Si dejas a Dios escribir la historia de tu vida, no te vas a arrepentir
Me sentí traicionado y confundido. Esta confusión duró finalmente unos cuatro años, durante los cuales me di cuenta de que la parte más importante de la vocación es el amor a Jesucristo. Yo pensaba que Cristo necesitaba mis manos y mis esfuerzos en el apostolado y no consideraba que Él quiere ser, sobre todo, el número uno de mi corazón.

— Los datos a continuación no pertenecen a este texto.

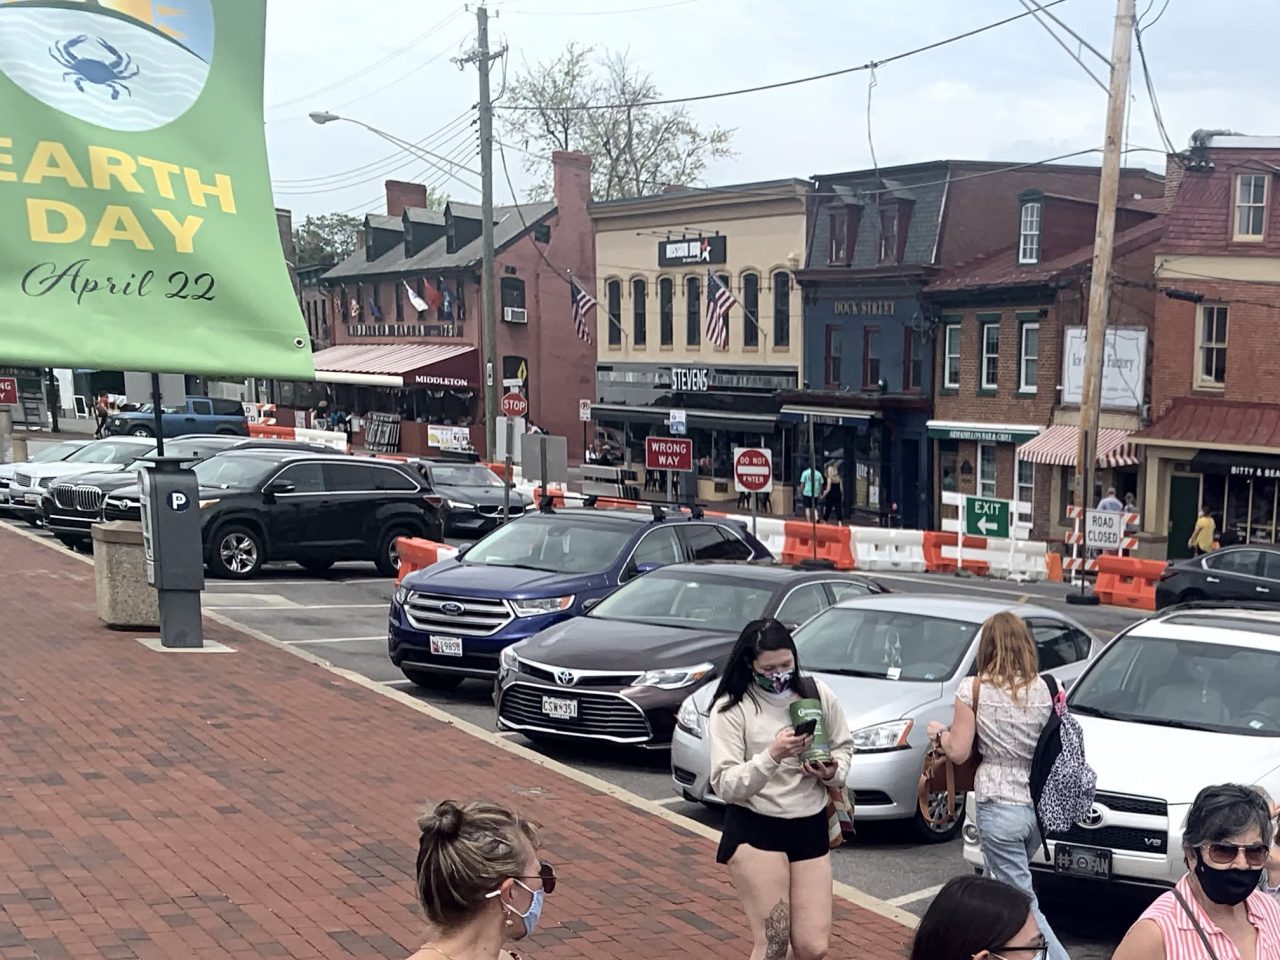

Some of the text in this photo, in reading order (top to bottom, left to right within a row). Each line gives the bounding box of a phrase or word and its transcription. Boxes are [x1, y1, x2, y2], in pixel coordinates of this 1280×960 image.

Soy el menor de los cuatro hijos y con mis hermanos hemos sido monaguillos desde que yo tenía cuatro años. A decir verdad, la idea del sacerdocio me vino muy temprano. Un día, cuándo estábamos volviendo de la escuela, mi hermano mayor me preguntó: “¿Qué quieres hacer cuando seas grande?” Yo tenía siete años y él once. Sin pensar mucho le respondí que quería ser un sacristán, pero inmediatamente después se me ocurrió, “y ¿por qué no, de una vez, el sacerdote?” Luego llegamos a casa y todo siguió igual. Un año después vino a nuestro colegio una periodista y nos hizo la misma pregunta: “¿niños, qué quieren hacer cuando sean grandes?” Yo, entonces, con ocho años, respondí que quería ser o sacerdote, obispo o un monje. Al día siguiente la maestra leyó las respuestas en voz alta y cuando leí mi respuesta todos se burlaron y yo, avergonzado, me escondí bajo la mesa. Después de esa experiencia respondí con más cuidado a esta pregunta obligatoria. El deseo de ser sacerdote permaneció en mí hasta que tenía once años; luego quería ser maestro en un colegio, cantante famoso, médico… En el año 2001 empezaron a suceder varias cosas. En agosto, participé en unos ejercicios espirituales con los Salesianos y durante la confesión me volvió el deseo de ser sacerdote, y desde entonces se quedó. Luego, en nuestra parroquia hubo un cursillo sobre la iniciación cristiana y durante este cursillo sentí que Dios me amaba a mí; fue una experiencia personal y sensible que se ha repetido muchas veces. Mientras estaba yendo a ese cursillo, un amigo me preguntó si no quería ir a Italia en las vacaciones del otoño. Ni tenía pasaporte, ni sabría por qué ir, pero me gustaba la idea de conocer Italia. En ese viaje vi por primera vez a un legionario de Cristo, el P. Michael Duffy. Los días pasaron muy rápido y volvimos a casa. Esa experiencia de Gozzanno, Italia, me dejó una buena impresión, pero nada más por el momento. El siguiente año se organizó el viaje por segunda vez. Poco después comenzamos a reunirnos una vez a la semana y yo estaba feliz de pertenecer a ese grupo con personas de mi edad. En 2003, con catorce años, empecé a ser responsable del grupo de los más jóvenes.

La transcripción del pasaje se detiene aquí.